L’illusion s’enfuit tambour battant. Dans cette gageure qu’il avait engagée contre lui-même, Didier avait parié pour un berceau et une statue. Le berceau existait, mais ce qu’il venait de prendre pour une statue était une ravissante jeune fille en chair et en os, mademoiselle Alix de Vaunoy de la Tremlays. La méprise du reste était fort excusable. Au moment où Didier l’avait aperçue, mademoiselle de Vaunoy lui tournait le dos. Elle était debout et immobile au centre du berceau, lisant une lettre froissée et sans doute bien souvent relue, qu’elle venait de tirer de son sein. Ses beaux cheveux noirs avaient, ce matin de la poudre, et une robe de mousseline blanche formait toute sa toilette.

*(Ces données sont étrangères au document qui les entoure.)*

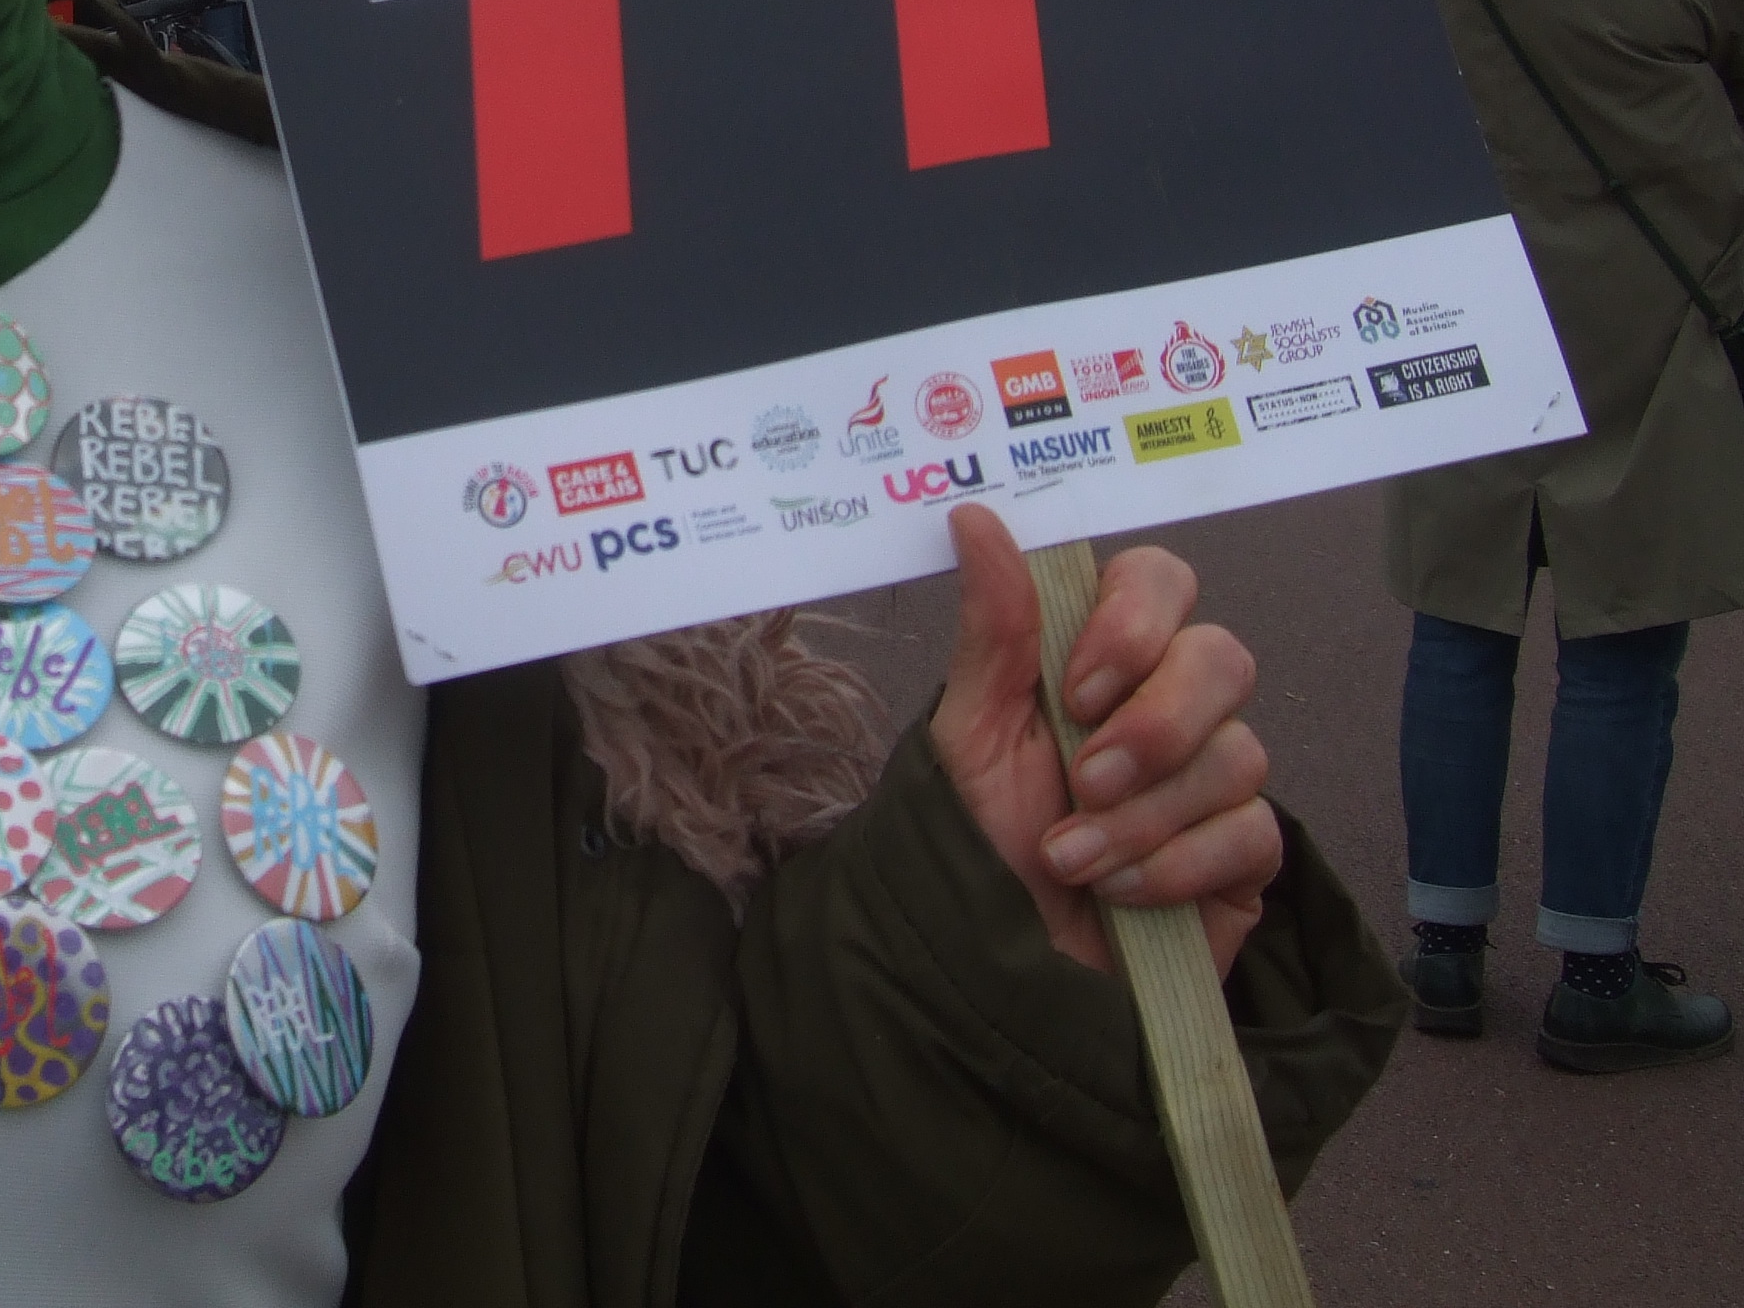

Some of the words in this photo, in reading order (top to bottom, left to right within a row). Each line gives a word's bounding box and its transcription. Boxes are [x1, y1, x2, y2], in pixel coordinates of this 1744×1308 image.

[1402, 301, 1439, 316] Muslim
[1406, 307, 1465, 327] Association
[1270, 316, 1315, 338] JEWISH
[1273, 325, 1341, 351] SOCIALISTS
[1409, 326, 1420, 337] of
[1422, 319, 1458, 335] Britain
[1278, 344, 1323, 365] GROUP
[1401, 347, 1479, 380] CITIZENSHIP
[1004, 371, 1058, 398] GMB
[1080, 389, 1120, 404] UNION
[1407, 384, 1421, 401] IS
[1423, 381, 1435, 397] A
[1436, 371, 1474, 395] RIGHT
[78, 403, 216, 444] REBEL
[1013, 402, 1065, 423] UNION
[1136, 415, 1192, 441] AMNESTY
[1009, 426, 1112, 469] NASUWT
[1139, 433, 1196, 452] INTERNATIONAL
[79, 437, 224, 493] REBEL
[650, 438, 740, 482] TUC
[1017, 468, 1037, 481] The
[1086, 453, 1117, 468] Union
[560, 478, 641, 507] CALAIS
[781, 495, 870, 532] UNISON
[590, 517, 681, 572] pcs
[502, 542, 583, 584] CWU

Au cri poussé par Didier, elle se retourna, comme nous l’avons dit, et le papier qu’elle lisait s’échappa de sa main tremblante. Son premier mouvement fut de fuir, mais la réflexion la retint. Elle fit même un pas vers le coude de la charmille, où, suivant toute apparence, Didier allait se montrer. Elle avait reconnu sa voix. Mademoiselle de Vaunoy avait sur le visage cette pâleur que donne une nuit sans sommeil. Son regard, ordinairement hardi dans sa douceur, était triste, timide et grave. Didier s’avança vers elle d’un air embarrassé. Pour prendre contenance, il se baissa et releva la lettre qu’Alix avait laissée tomber. Cette lettre était de lui. Il la reconnut, et son malaise augmenta en même temps qu’il se communiquait à sa compagne, dont une vive rougeur colora les joues.

— C’est la lettre que vous crûtes devoir m’écrire pour m’annoncer votre départ, murmura-t-elle si bas que Didier eut peine à l’entendre. Je suis heureuse qu’elle soit tombée entre vos mains, car vous la garderez, monsieur.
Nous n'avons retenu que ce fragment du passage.